Using the example of the Florida sinkhole, which swallowed a homeowner in his sleep, Hehnen said a situation has to be evaluated before rescue workers can spring into action. The stability of the building, the number of people suspected to be inside and any downed power lines or gas leaks need to be considered first.
“The No. 1 hazard is electrical wires, No. 2 is natural gas and No. 3 is cuts and falls,” he noted. He added that any time you can encourage someone to safely move out of a dangerous situation on their own, that’s the best strategy.
“Analyze the risk, don’t just dive in,” he said.
This calm, rational, approach it especially difficult when the victim is a child, and Hehnen said he sometimes has to “rein in” his firefighters in these situations. “Everything hypes up, but you still have to remember the priorities,” he stated.

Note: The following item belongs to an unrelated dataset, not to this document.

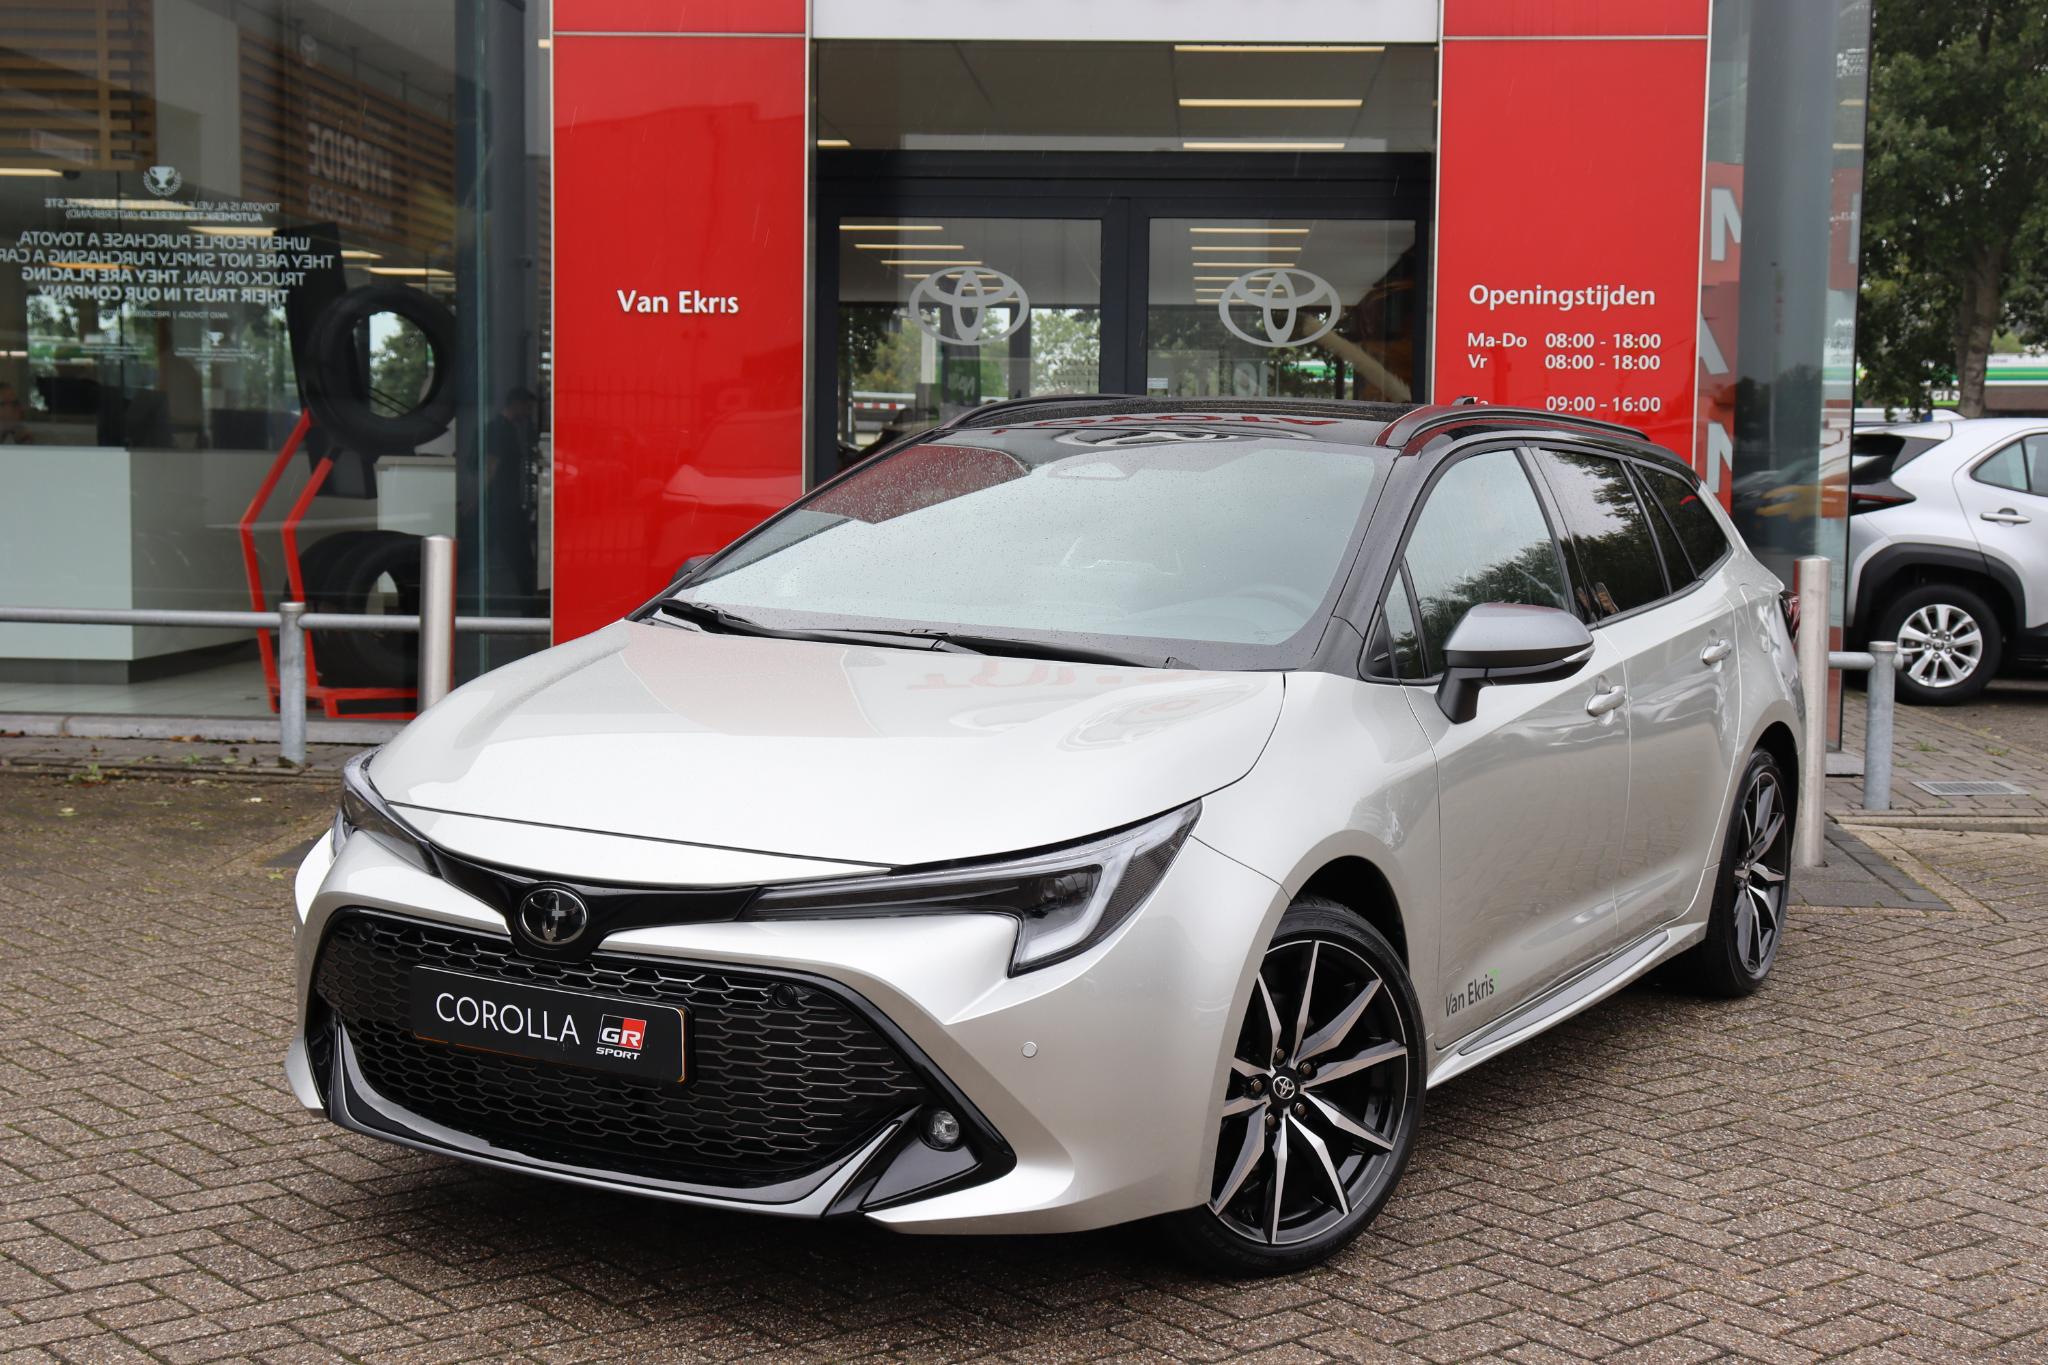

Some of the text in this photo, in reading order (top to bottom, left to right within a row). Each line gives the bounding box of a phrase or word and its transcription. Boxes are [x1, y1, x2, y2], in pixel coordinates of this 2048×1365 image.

“This is a lot different than you see on TV,” I commented to Hehnen during a break. He agreed, adding that materials used in furniture, carpeting and building supplies are a bigger threat than smoke. “Now more people get overcome from chemicals than smoke.” He added that newer buildings collapse faster than older construction. “We used to stay in a burning building for about 20 minutes. Now they can go down in five to seven minutes,” Hehnen said. He added that once a building is vacated, external firefighting and preventing the spread to neighbors’ homes is more important than saving a structure.
While our hands-on portion did not include a ride in Hehnen’s emergency vehicle (no playing with the lights today), we did get to try a “blanket lift,” with a group of us successfully hoisting “victim” Laura Thomas. “Victim” Brianne Tompkins reported that being tipped back in the “chair lift” was “disorienting.”
It was interesting that Hehnen called CERT teams one of his better resources. He noted that police are trained not to allow their weapons to get in a compromising position and that doctors and nurses many times are used to depending on equipment. CERT is best on the scene.” A CERT-trained nurse is the best,” he added.